Evidence suggests that the incorporation of genetic factors into PSA screening decisions could do just that.
PSA levels have been shown to be highly heritable, but the associated genetic variants that have been
identified thus far explain only some of the variation. Moreover, the variation explained is even smaller when
dealing with non-European populations. If we can determine the genetic factors that predispose individuals to
high PSA levels independently of PCa, we could then account for them as part of a new PSA screening
paradigm. We propose to do just this with a large-scale project combining data from 17 studies of men both
with and without PCa, all of whom have data on both PSA levels and genome-wide variants. In sum, the
studies consist of 653,076 men, including 106,326 men of African ancestry, 35,683 of Latino ancestry, and
10,001 of Asian ancestry. In Aim 1, we will undertake a multi-ancestry genome-wide association study (GWAS)
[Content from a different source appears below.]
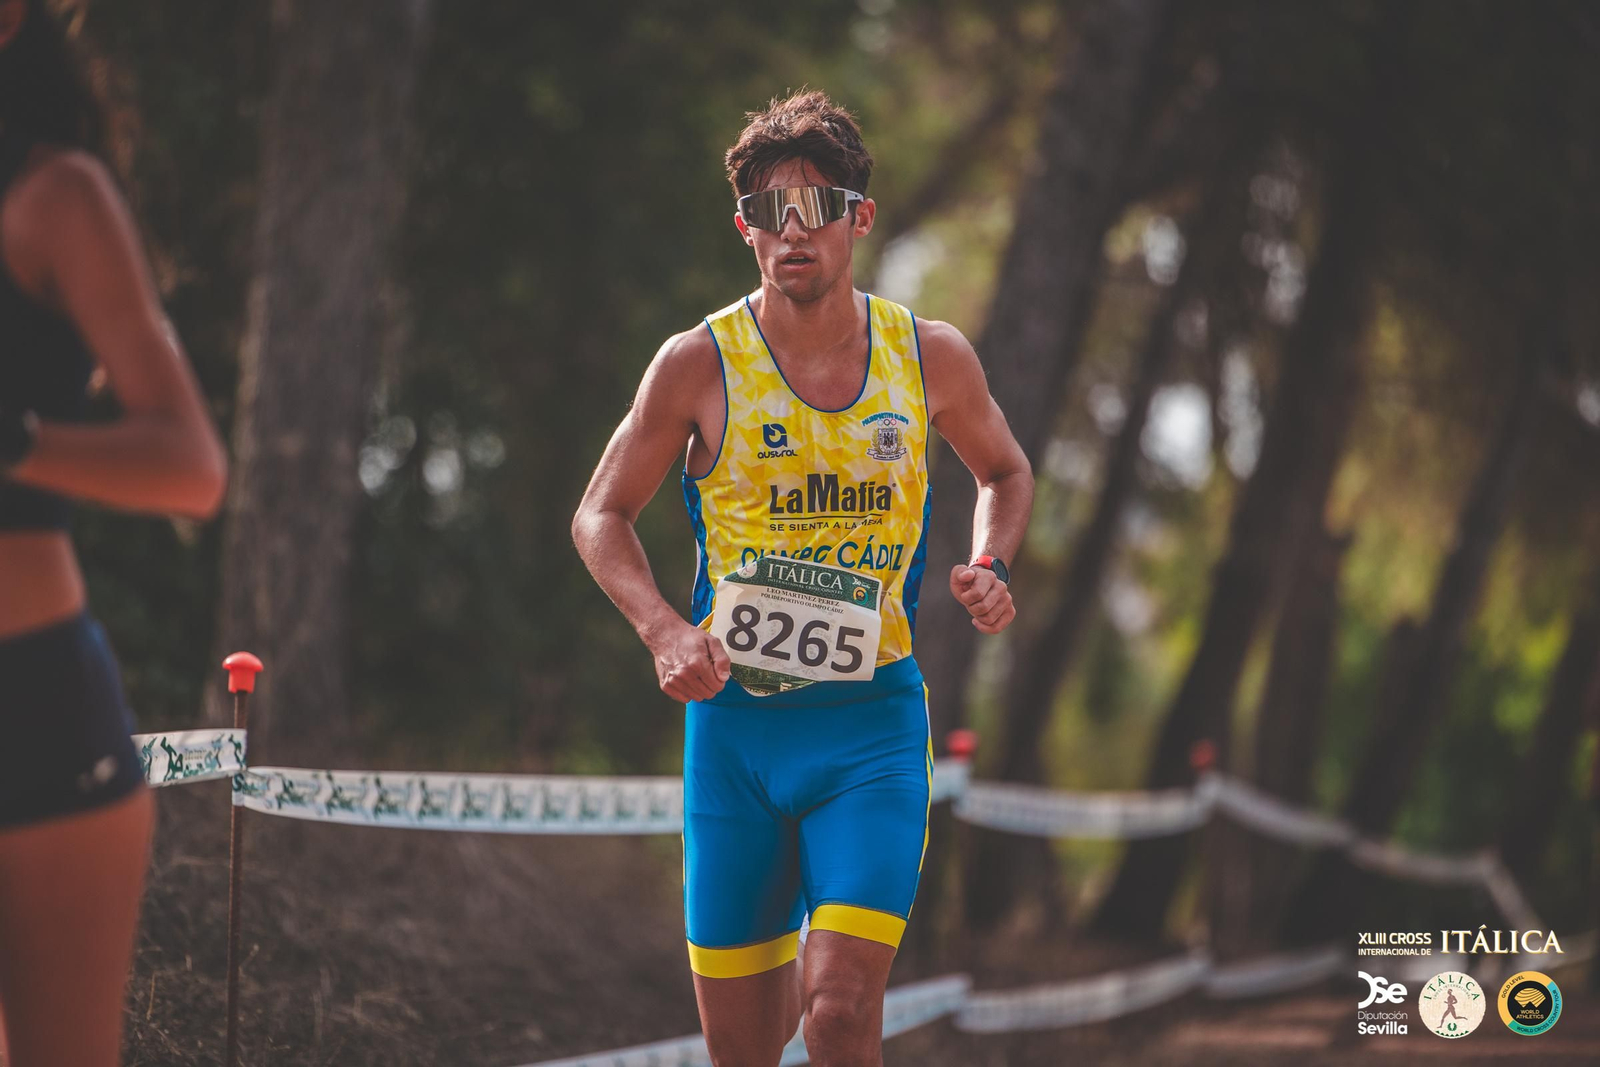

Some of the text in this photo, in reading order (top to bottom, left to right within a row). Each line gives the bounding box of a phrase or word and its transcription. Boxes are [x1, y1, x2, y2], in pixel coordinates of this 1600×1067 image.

of PSA levels that is 20-times larger than any previous such analysis, as well as the first ever transcriptome-
wide association study (TWAS) of PSA levels. We will then leverage the multi-ancestry nature of our sample to
discover additional genetic variants associated with PSA via fine mapping. In Aim 2 we will evaluate the
independence of the SNPs associated with PSA discovered in the GWAS and the genes associated with PSA
discovered in the TWAS using conditional analyses. We will then differentiate between genetic factors
associated with PSA and those associated with PCa using conditional and mediation analyses. Based on
these findings, we will create and test polygenic risk scores for PSA levels that combine associated genetic
factors together into single, powerful measures. Finally, in Aim 3, we will use measured PSA levels and genetic
factors—accounting for constitutive, non-PCa variability in PSA—to develop models that more accurately
predict PCa outcomes. These models will allow us to assess the benefit of additionally incorporating genetic
information with respect to deciding whether a man should undergo prostate biopsy. Our aims in aggregate are
promising toward reducing screening harms while improving screening benefits. In translation, clinicians and
patients could make more informed decisions, thereby reducing unnecessary procedures and diagnoses, and
preventing poor outcomes.
Publications
None